Reuters reports on the decidedly wishy-washy study:
Tall men appear less likely than shorter ones to develop heart failure, according to a study covering thousands of U.S. doctors. Researchers in Boston said that while there is no proof that a few extra centimeters protect the heart, it was possible that short and tall people are different in other ways, including in their diets or diseases growing up, and that this too could affect heart risks.
"This study doesn't say anything definite about whether height, itself, is going to lead to anything," said lead researcher Luc Djousse, of Brigham and Women's Hospital and Harvard Medical Center.
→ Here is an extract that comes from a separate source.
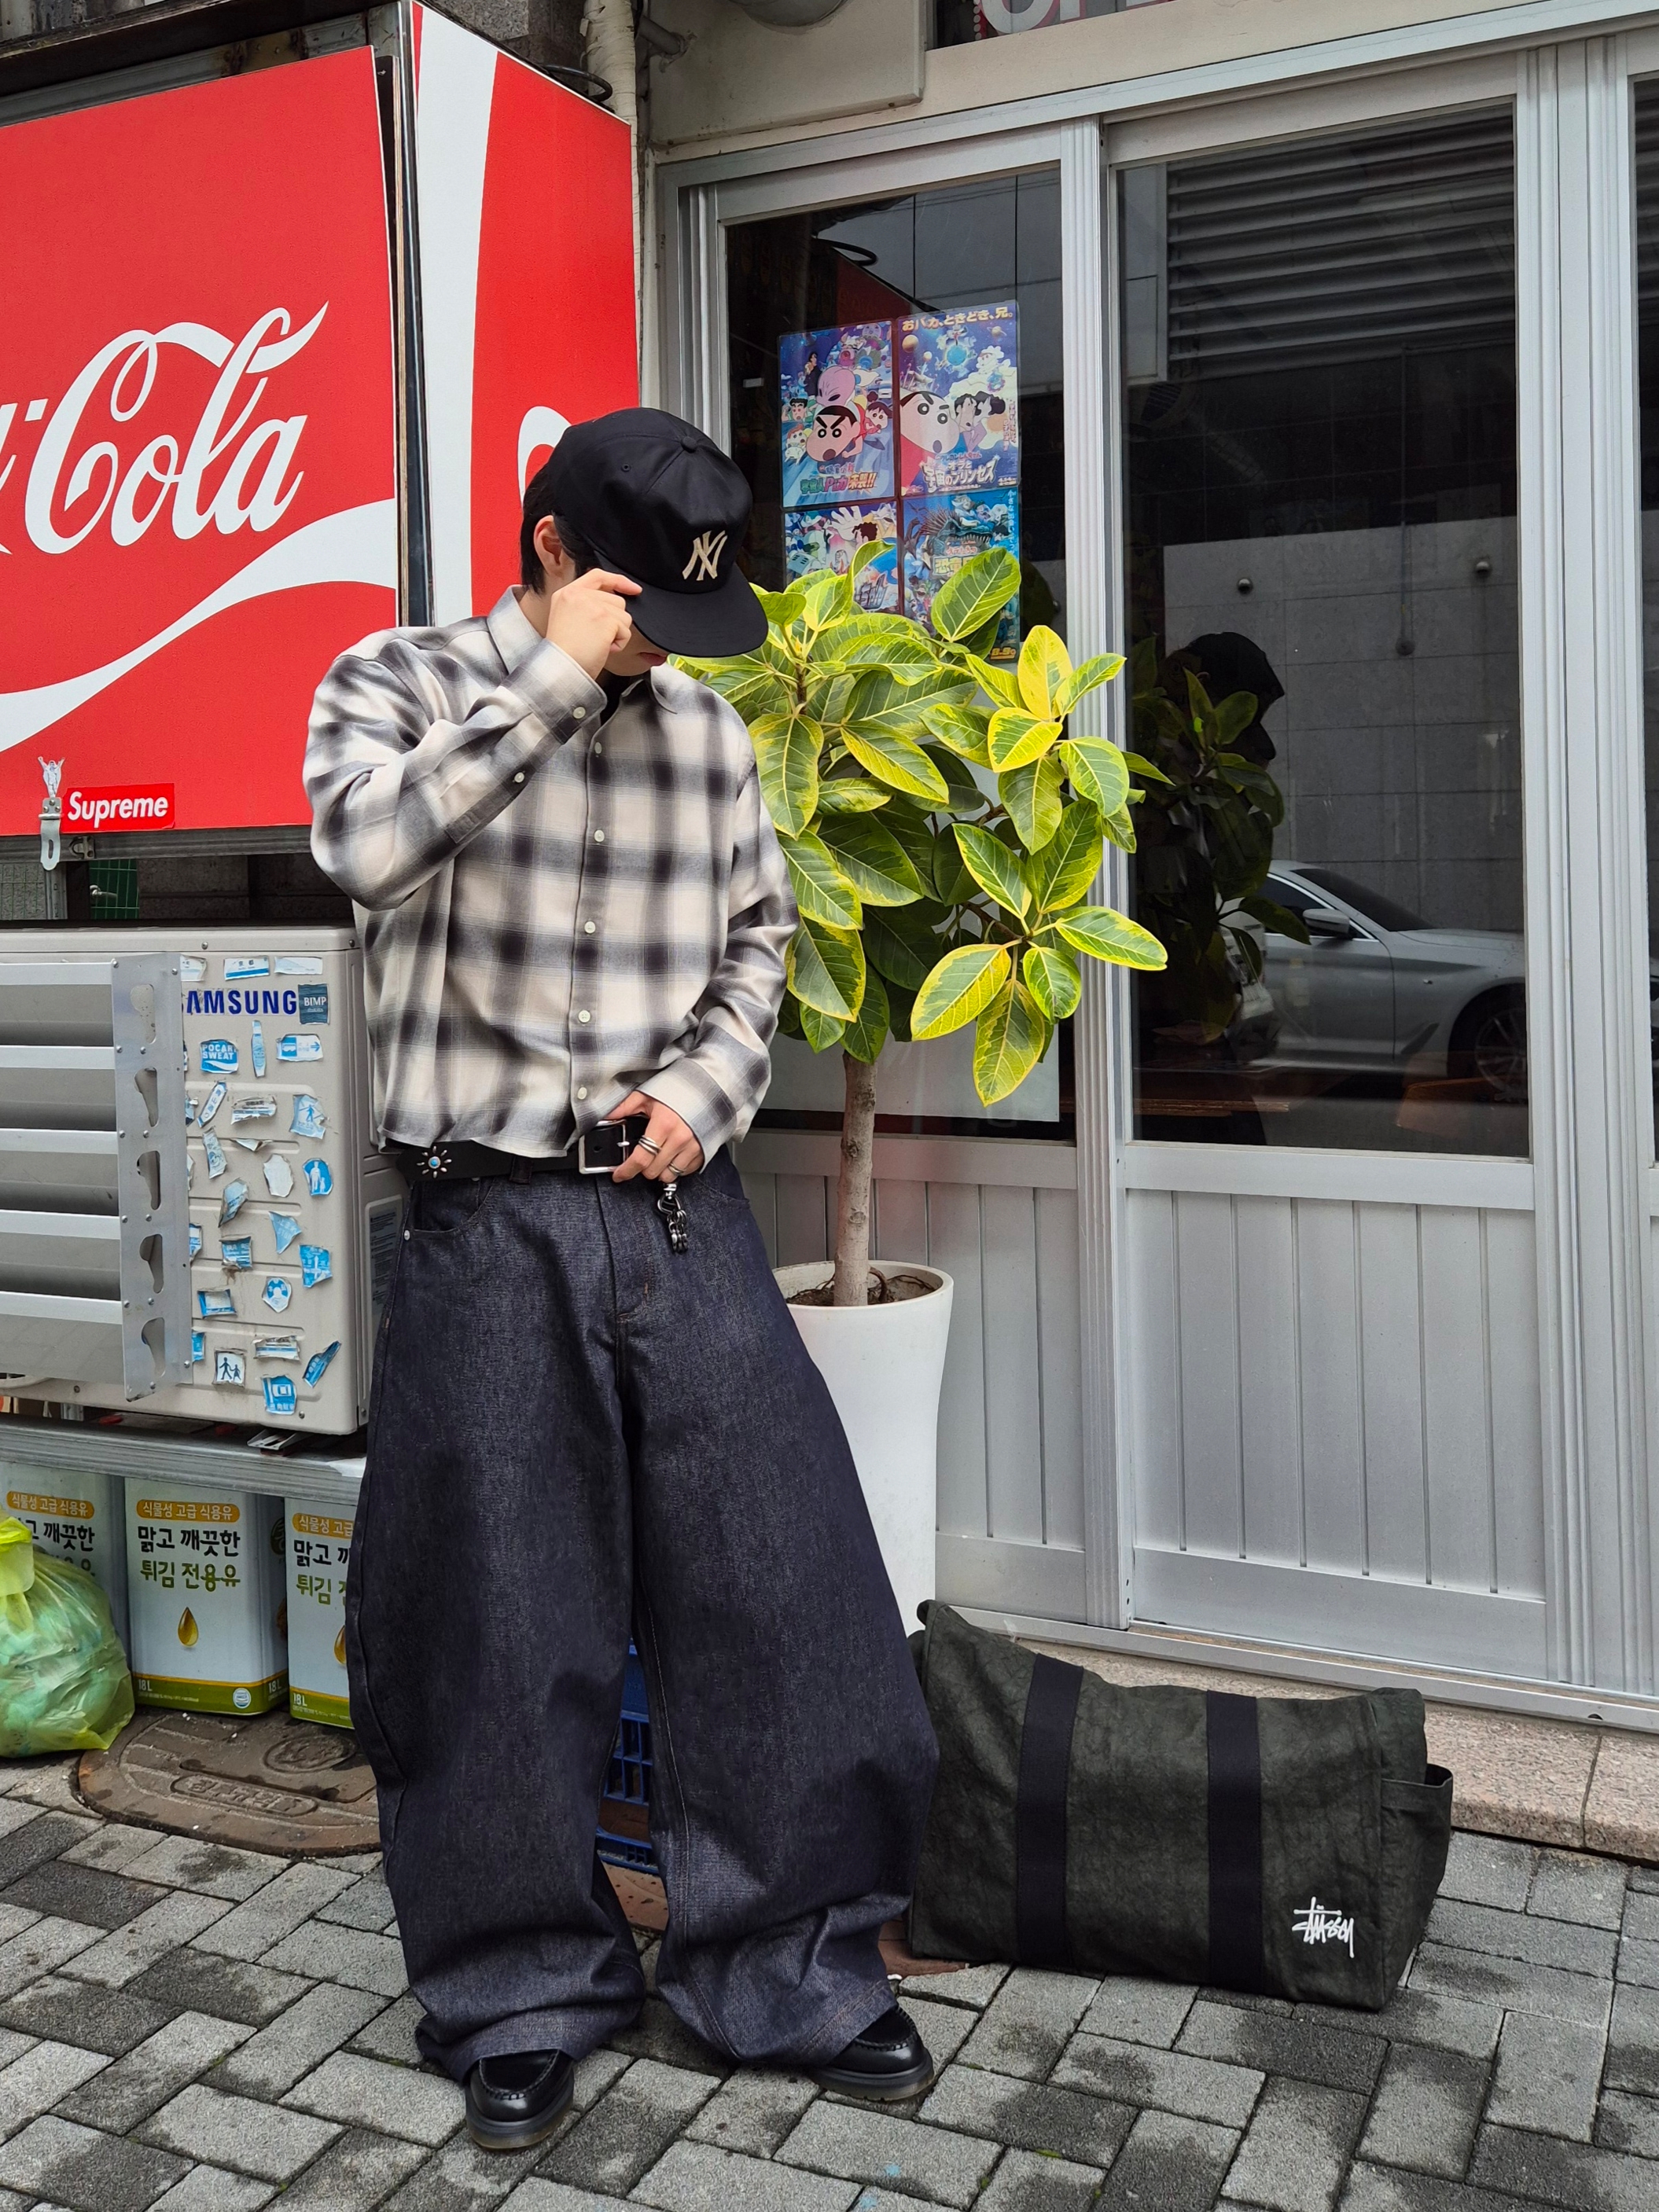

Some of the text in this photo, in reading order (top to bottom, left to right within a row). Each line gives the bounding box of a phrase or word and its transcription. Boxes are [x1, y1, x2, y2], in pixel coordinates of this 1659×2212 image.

But the researchers...said it's also possible that something about the biology of taller people, such as the distance between their hearts and certain branches of arteries and blood vessels, could decrease stress on the heart. Data came from 22,000 male doctors who were followed as part of a large study of heart disease and cancer, starting when they were in their mid-50s, on average...The taller men were, the lower their chance of heart failure, the researchers found. The tallest men in the study, those over 1.8 meter (six feet), were 24 percent less likely to less likely to report a heart failure diagnosis during the study period than men who were 1.72 meters (5 ft 8 in) and shorter.
It's important to remember how this (just like countless other scientific studies out there) isn't in any way conclusive, which, to be fair, the researchers fully and openly acknowledge. The height-focused part of their study, published in the current issue of the American Journal of Cardiology, sounds at least somewhat plausible: A taller frame could mean that it takes more time for blood to reach the heart, meaning less stress for the vital organ.
However, since that point is caveated to hell—infections, childhood nutrition, and other factors that can affect both heart health and height—there's no cause to believe that Jamie Cullum is destined to cardiovascularly buy the farm years before Bob Saget does. Also, it's worth mentioning that the medical journal The Lancet Oncology published a study in July 2011 showing a possible link between greater height and increased risk of ten common types of cancer, so there's really no point in inferring that taller individuals are biological X-Men.
But it's not like that is going to stop people from wondering whether being tall gets you elected President of the United States.